- Work task: Your reproduction of the entries should be exact and should contain no pictures.

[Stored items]
________________________________________

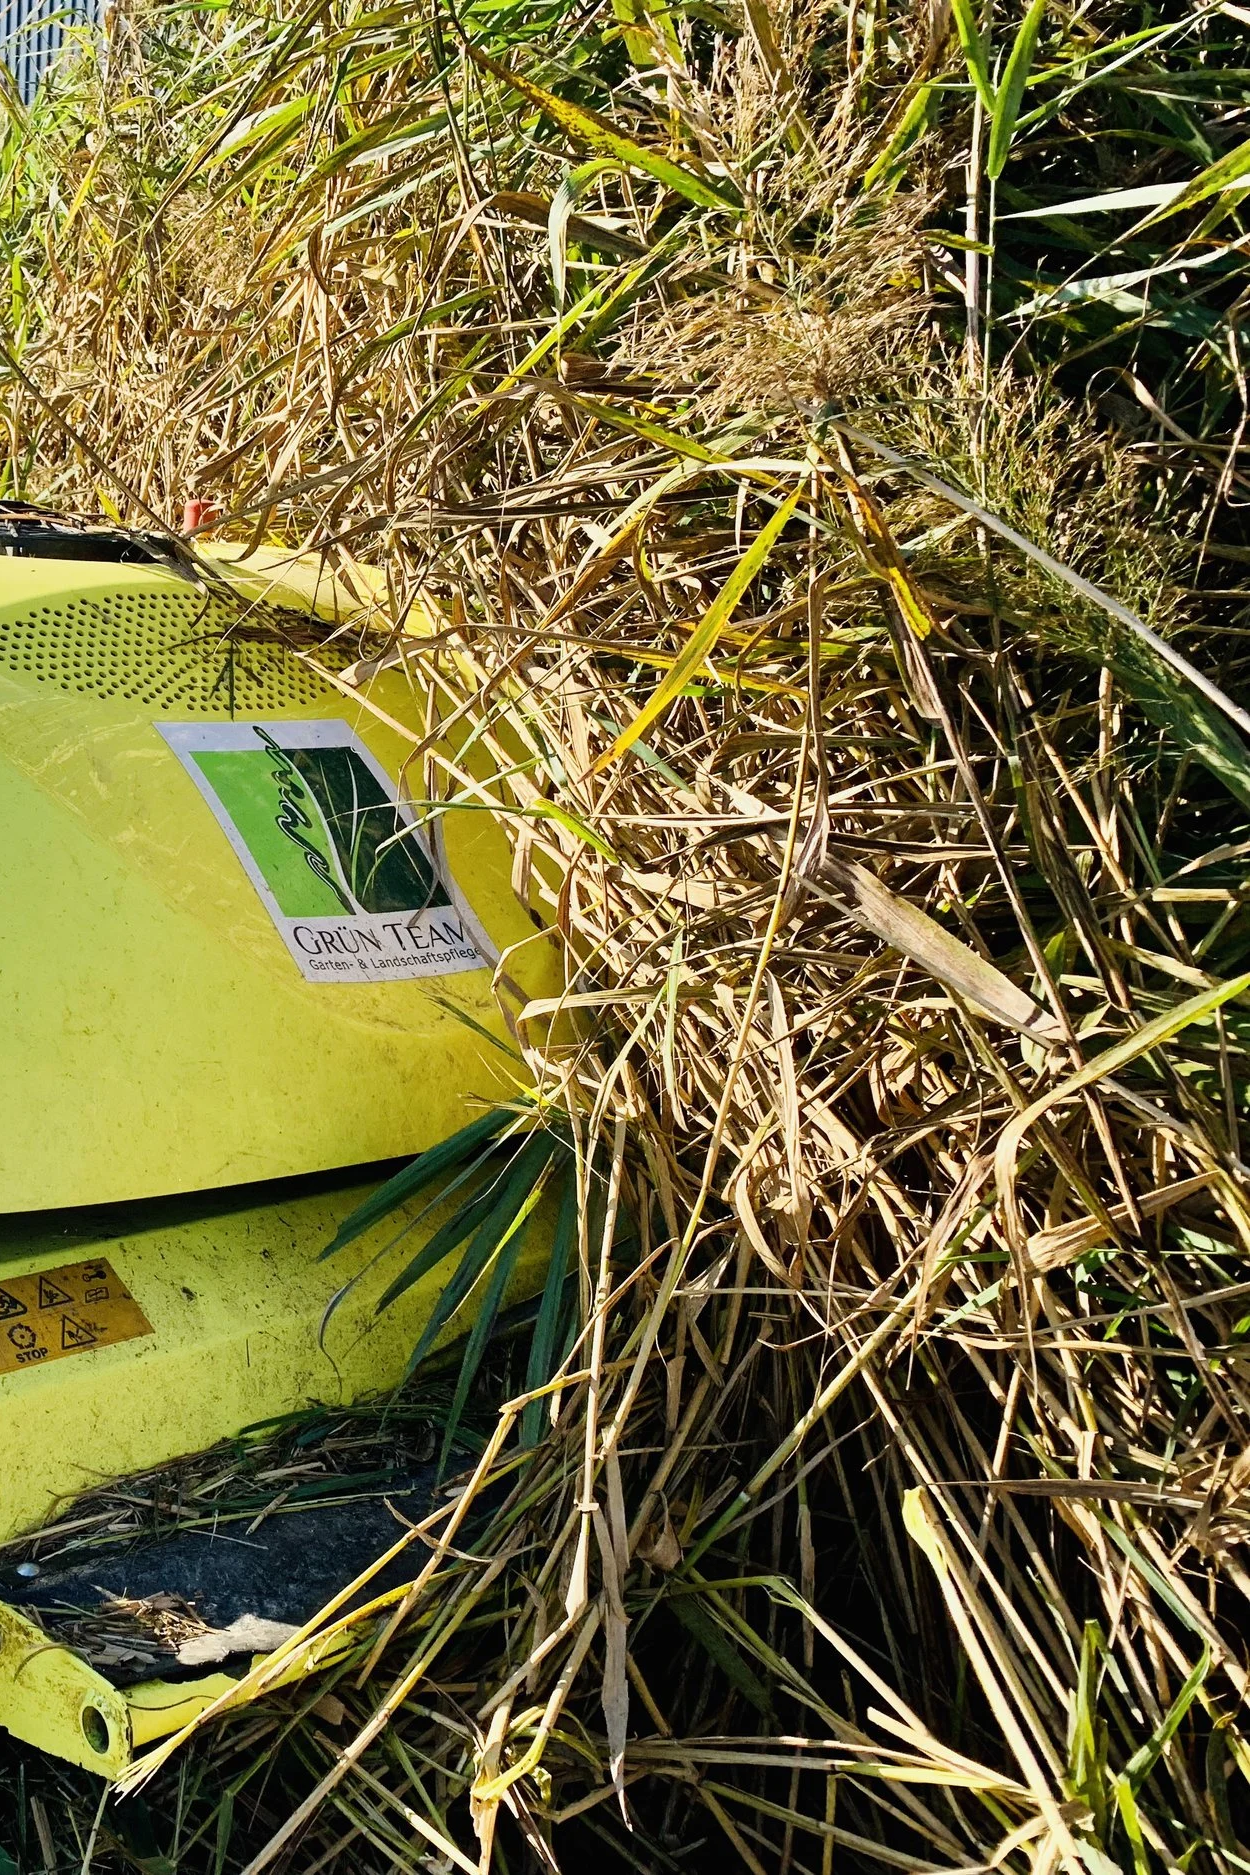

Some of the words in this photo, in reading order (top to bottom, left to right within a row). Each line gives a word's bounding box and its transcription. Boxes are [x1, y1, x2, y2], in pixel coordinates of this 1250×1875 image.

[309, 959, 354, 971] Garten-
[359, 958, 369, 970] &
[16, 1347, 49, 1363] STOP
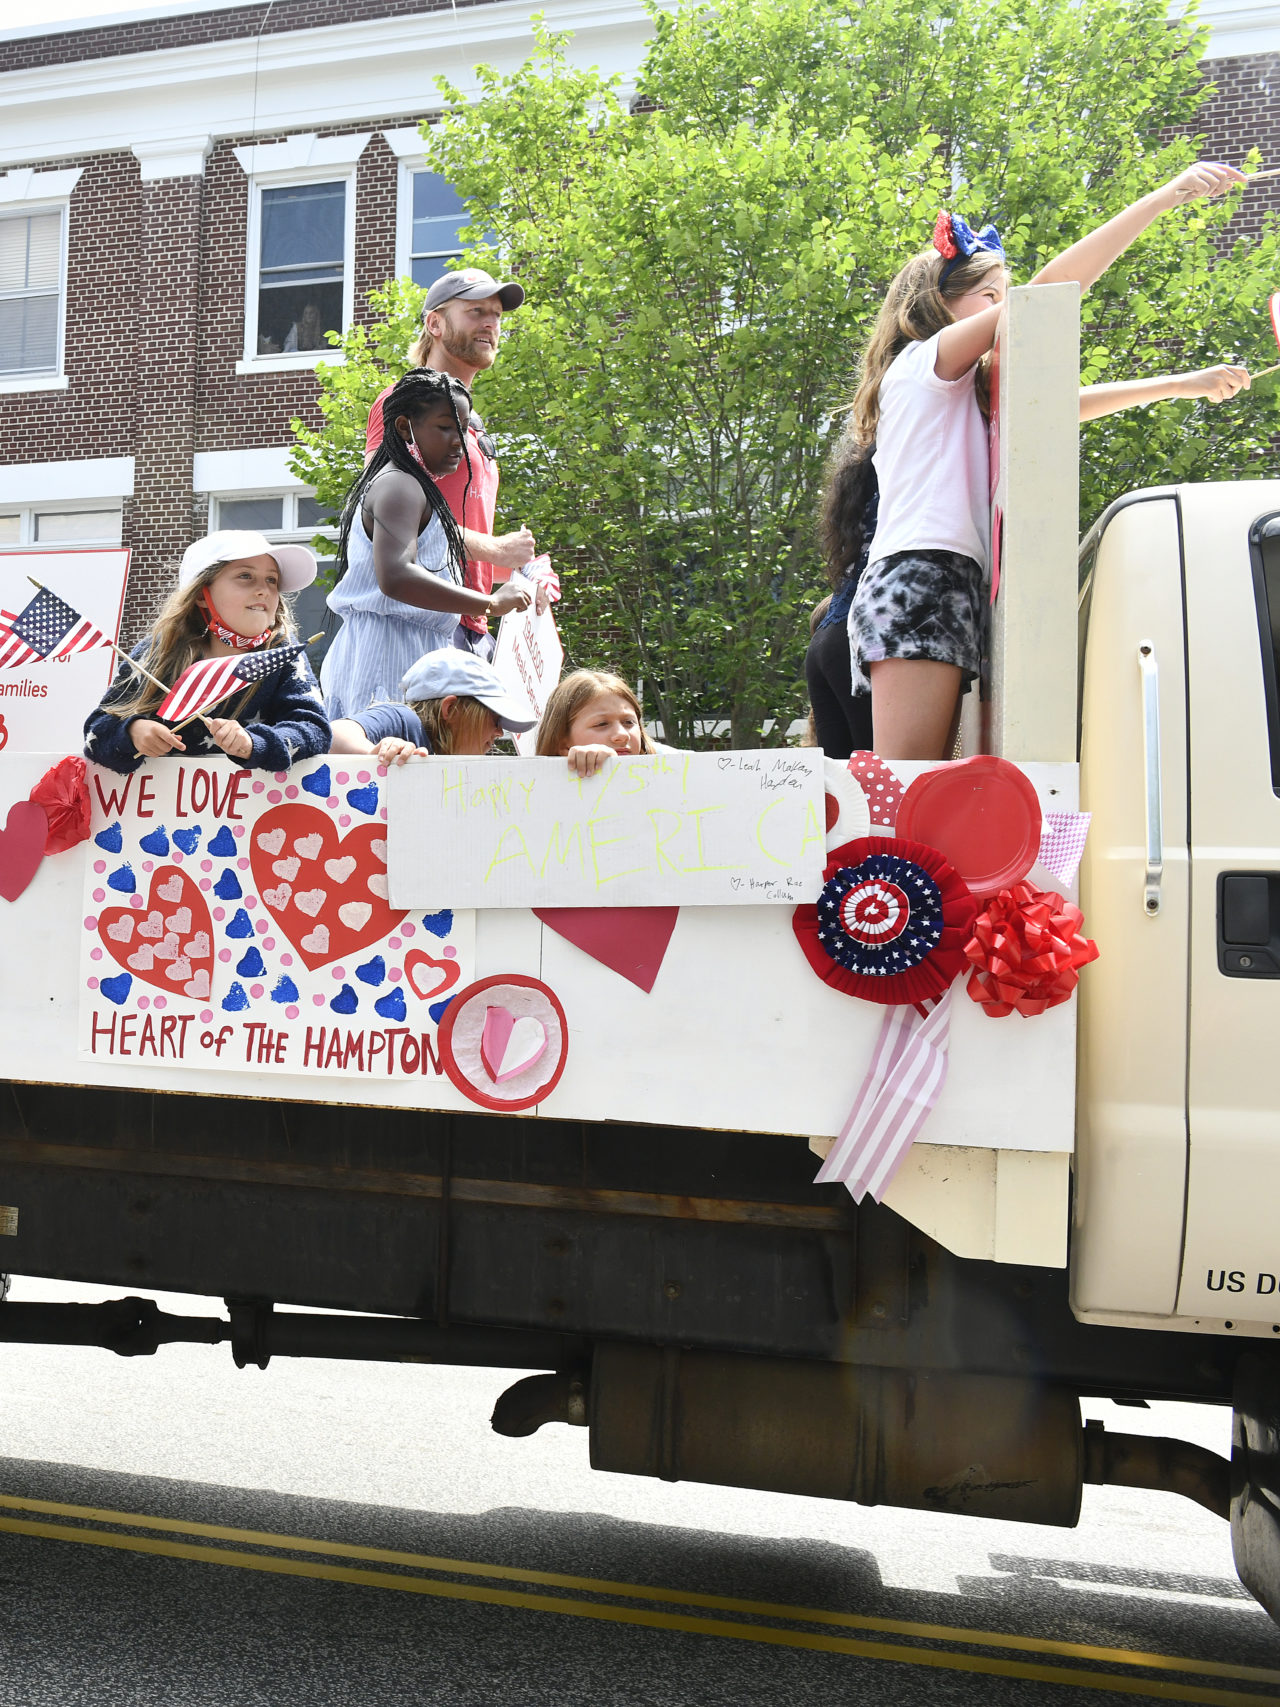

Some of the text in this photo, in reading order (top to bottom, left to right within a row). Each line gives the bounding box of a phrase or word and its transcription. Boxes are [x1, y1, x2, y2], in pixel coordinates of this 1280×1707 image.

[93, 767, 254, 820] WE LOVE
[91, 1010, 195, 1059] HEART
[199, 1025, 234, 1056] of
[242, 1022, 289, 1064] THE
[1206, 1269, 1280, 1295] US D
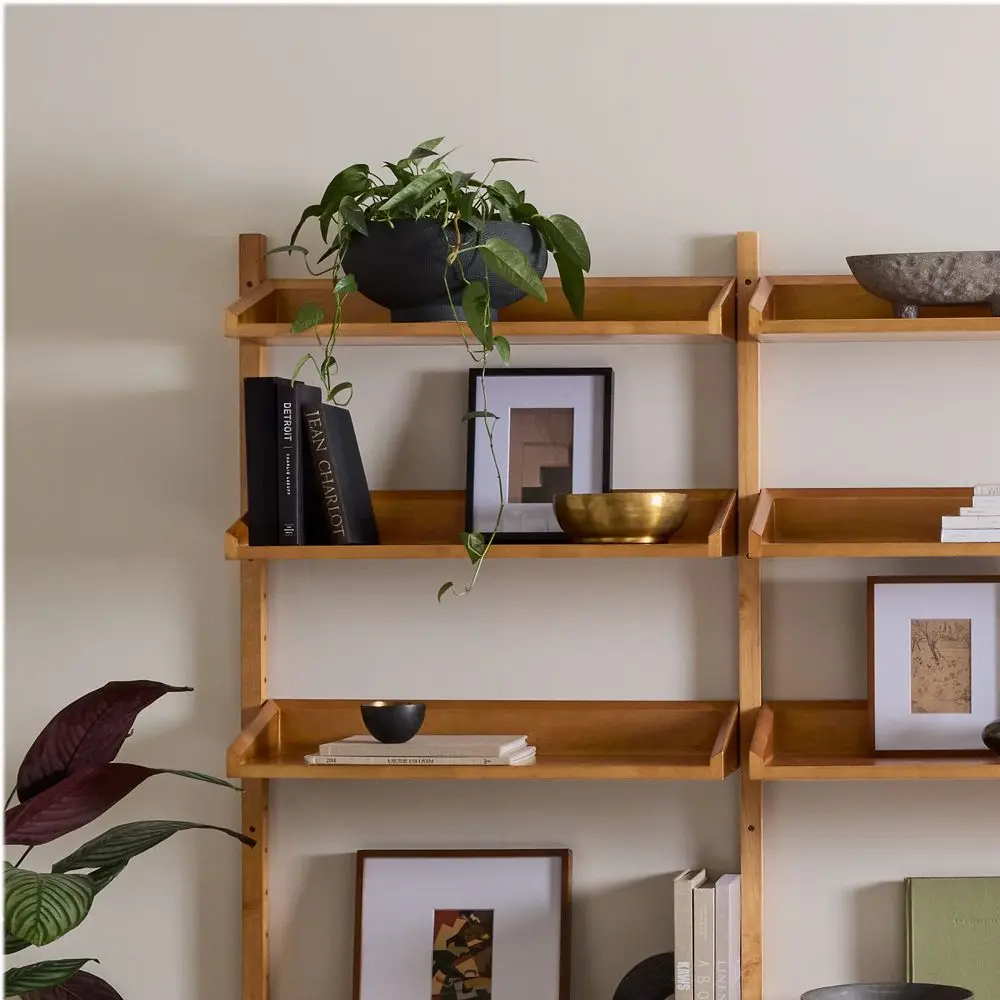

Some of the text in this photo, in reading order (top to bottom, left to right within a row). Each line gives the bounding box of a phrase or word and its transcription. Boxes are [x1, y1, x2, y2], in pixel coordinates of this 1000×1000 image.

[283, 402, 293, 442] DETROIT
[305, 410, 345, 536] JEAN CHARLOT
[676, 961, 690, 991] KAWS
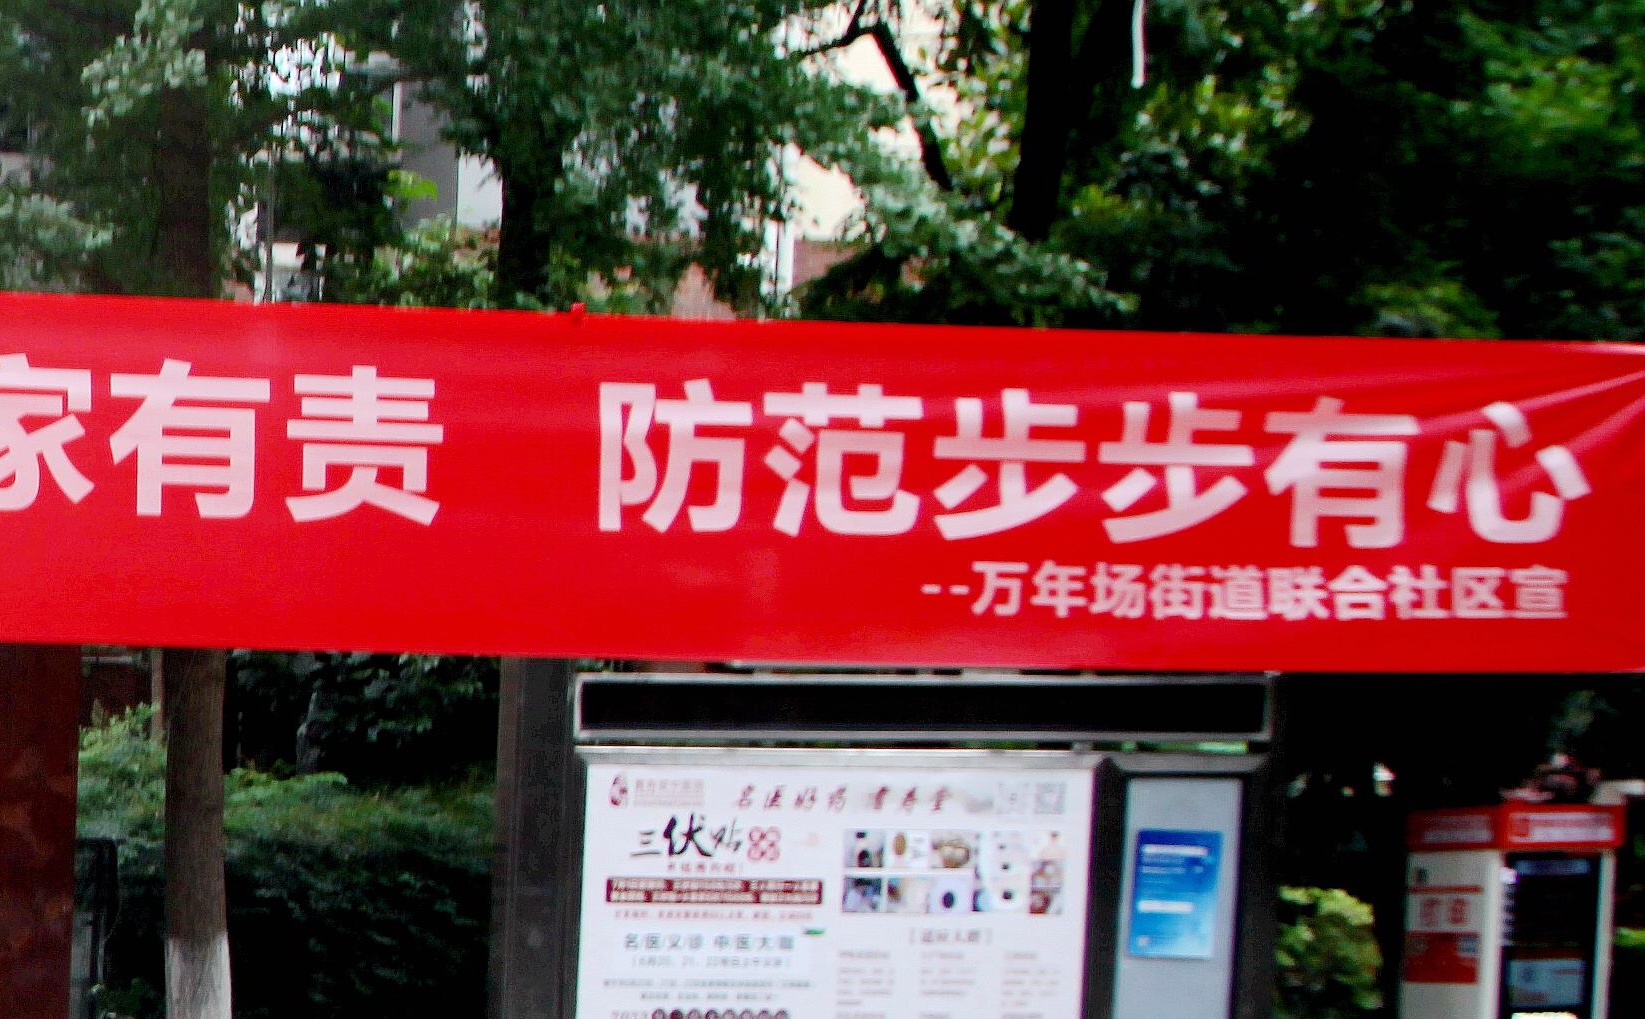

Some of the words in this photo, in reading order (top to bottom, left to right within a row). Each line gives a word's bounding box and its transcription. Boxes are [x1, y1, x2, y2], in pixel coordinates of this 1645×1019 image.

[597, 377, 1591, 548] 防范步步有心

________________________________________

- Task result:
Some of the words in this photo, in reading order (top to bottom, left to right within a row). Each line gives a word's bounding box and its transcription. Boxes are [x1, y1, x2, y2], in pixel coordinates of this 1250×1875 image.

[309, 959, 354, 971] Garten-
[359, 958, 369, 970] &
[16, 1347, 49, 1363] STOP

Some of the text in this photo, in reading order (top to bottom, left to right within a row). Each line gives the bounding box of a phrase or word and its transcription. Boxes are [x1, y1, x2, y2], in pixel coordinates of this 1280×1707 image.

[93, 767, 254, 820] WE LOVE
[91, 1010, 195, 1059] HEART
[199, 1025, 234, 1056] of
[242, 1022, 289, 1064] THE
[1206, 1269, 1280, 1295] US D

Some of the text in this photo, in reading order (top to bottom, left to right within a row). Each line gives the bounding box of a phrase or word and its transcription. Boxes are [x1, y1, x2, y2], in pixel coordinates of this 1000×1000 image.

[283, 402, 293, 442] DETROIT
[305, 410, 345, 536] JEAN CHARLOT
[676, 961, 690, 991] KAWS

Some of the words in this photo, in reading order (top to bottom, left to right within a row). Each line gives a word's bounding box and its transcription. Boxes are [x1, y1, x2, y2], in pixel coordinates of this 1645×1019 image.

[597, 377, 1591, 548] 防范步步有心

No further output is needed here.